Bu iki kelime yüzyıllardır insanlığın kafasını karıştırıyor.
Filozoflar tartıştı, şairler yandı, WhatsApp grupları dağıldı.
Biz hâlâ emin değiliz: Kalp mi, mantık mı, yoksa sadece dopamin mi
Aşk: Kısa Süreli Elektrik Kesintisi Aşk ilk geldiğinde bir doğa olayı gibidir. Elin titrer, yemek yiyemezsin, ama 3 gün sonra "niye titriyorum ben" diye ararsın.
Aşk; beynin duygusal bölümünün hormon fabrikasında patlama yaşamasıdır.
Bilimsel açıklaması "dopamin fırtınası", halk arasındaki karşılığı "delirdim galiba"dır.
Aşk döneminde insanlar garipleşir:
"Uyumadım, seni düşündüm." (Aslında Instagram'a bakıyordu.) Sadece sesini duymak istedim." (Açıkçası, kim arıyor diye merak etti.) "Sen olmasan nefes alamam." (Ama 3 ay sonra gayet rahat koşuya çıkıyor.) Aşk, mantığı by-pass eder.
Bu yüzden aşıkken yapılan her hata, "romantik cesaret" sayılır.
Kavga bile farklıdır:
Normalde "telefonu niye geç açtın" tartışması, aşk döneminde "beni sevmiyor musun artık" seviyesine çıkar. Ses tonları yükselir, mantık odadan çıkar, duygular sahneyi devralır.

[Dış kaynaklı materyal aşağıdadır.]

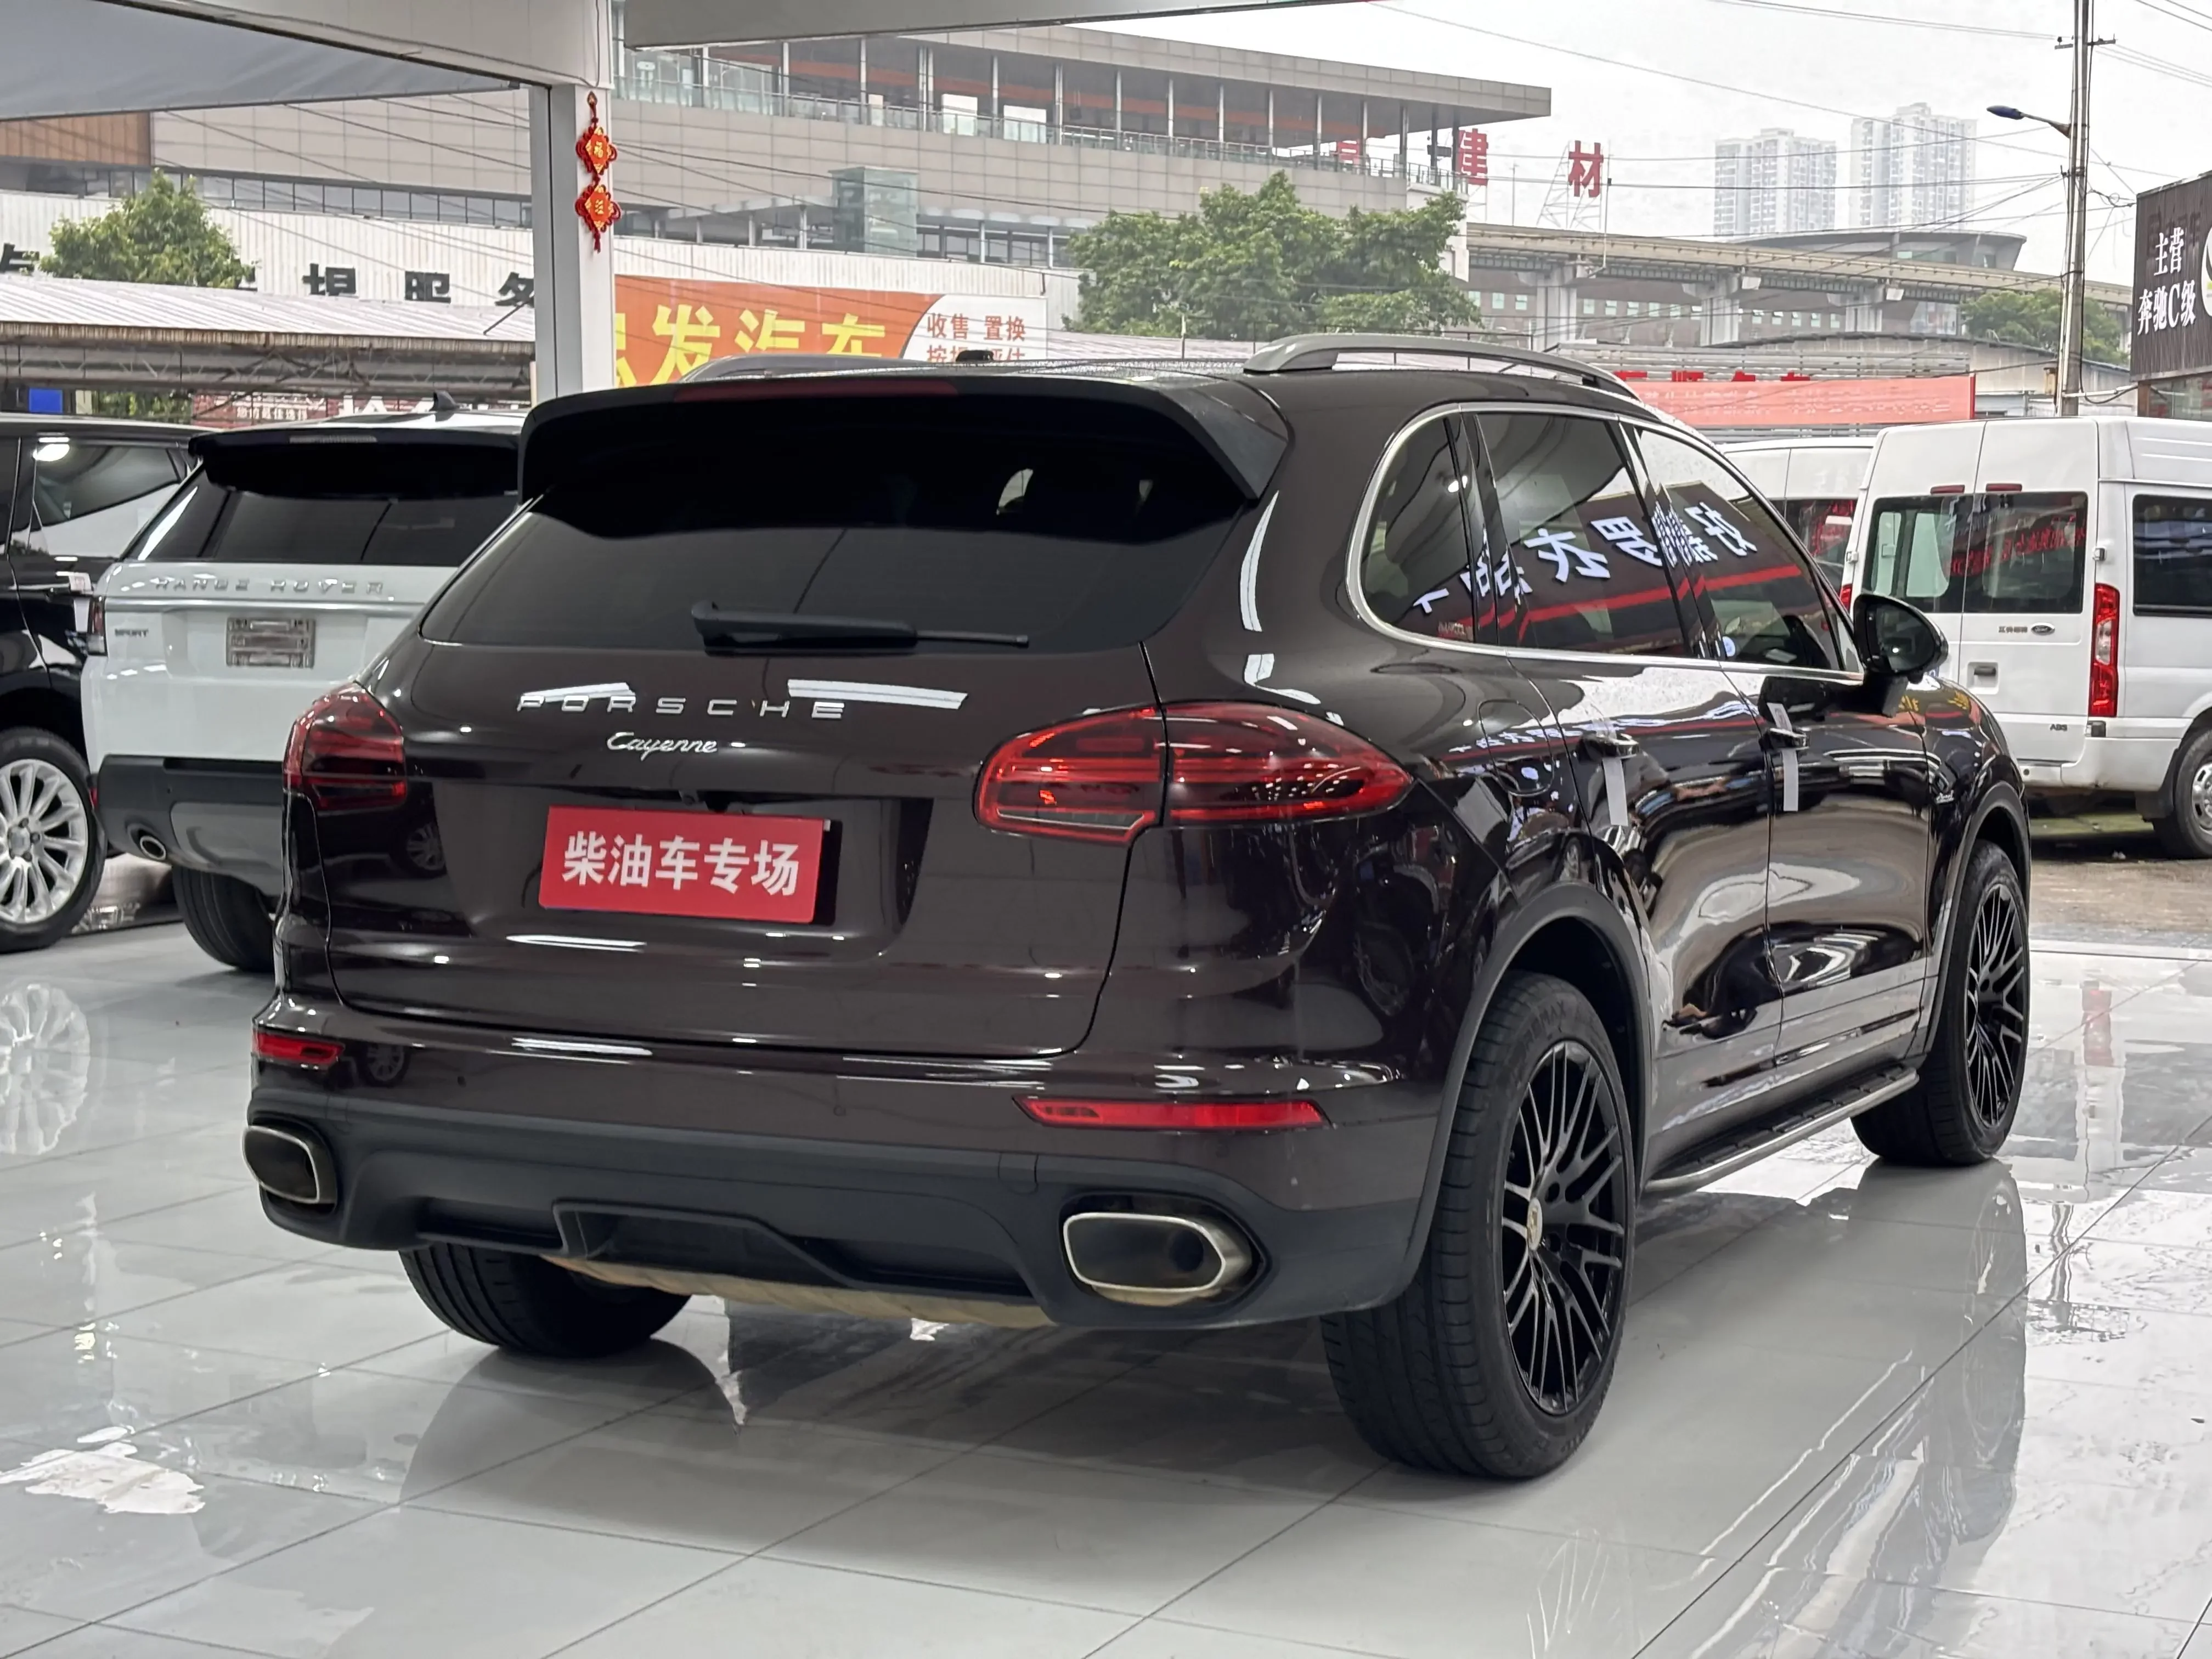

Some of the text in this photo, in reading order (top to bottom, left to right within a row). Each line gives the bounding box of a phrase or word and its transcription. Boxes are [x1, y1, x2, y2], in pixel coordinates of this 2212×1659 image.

[2153, 226, 2185, 276] 主营
[2137, 279, 2197, 336] 奔驰C级
[927, 313, 1026, 342] 收售 置换
[517, 694, 846, 720] PORSCHE
[606, 732, 718, 760] Cayenne
[561, 830, 799, 896] 柴油车专场

Ama ne olur Her patlama gibi, aşk da sonunda söner.
Bazen büyük bir "çat" diye, bazen usulca "pısss" diye.
Sevgi: Sessiz Ama Kalıcı Güncelleme Aşk geçer, geriye sevgi kalır derler ya, işte orası doğru. Çünkü sevgi, "başlangıçta elektriğin çarptığı ama sonradan sigortayı değiştiren" haldir. Sevgi, aşkın "stabil sürümü"dür.
Sevgi;
Kahvaltıda son zeytini paylaşmaktır.
Markette "bu pahalı, öteki de aynısı" demektir.
Tartışma sonrası "hadi gel otur, soğuyor çay" diyebilmektir.